§ **WORK ITEM**
Please restate the following records word for word.

++++ RECORDS TO PROCESS ++++

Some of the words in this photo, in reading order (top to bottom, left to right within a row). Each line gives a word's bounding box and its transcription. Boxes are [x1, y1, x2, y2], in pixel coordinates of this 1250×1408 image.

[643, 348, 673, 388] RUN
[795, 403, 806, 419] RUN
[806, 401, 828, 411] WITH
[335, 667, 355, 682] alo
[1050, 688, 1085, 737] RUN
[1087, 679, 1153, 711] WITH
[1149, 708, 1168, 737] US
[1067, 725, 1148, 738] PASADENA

++++

§ **RESULT BELOW**
Some of the words in this photo, in reading order (top to bottom, left to right within a row). Each line gives a word's bounding box and its transcription. Boxes are [x1, y1, x2, y2], in pixel coordinates of this 1250×1408 image.

[643, 348, 673, 388] RUN
[795, 403, 806, 419] RUN
[806, 401, 828, 411] WITH
[335, 667, 355, 682] alo
[1050, 688, 1085, 737] RUN
[1087, 679, 1153, 711] WITH
[1149, 708, 1168, 737] US
[1067, 725, 1148, 738] PASADENA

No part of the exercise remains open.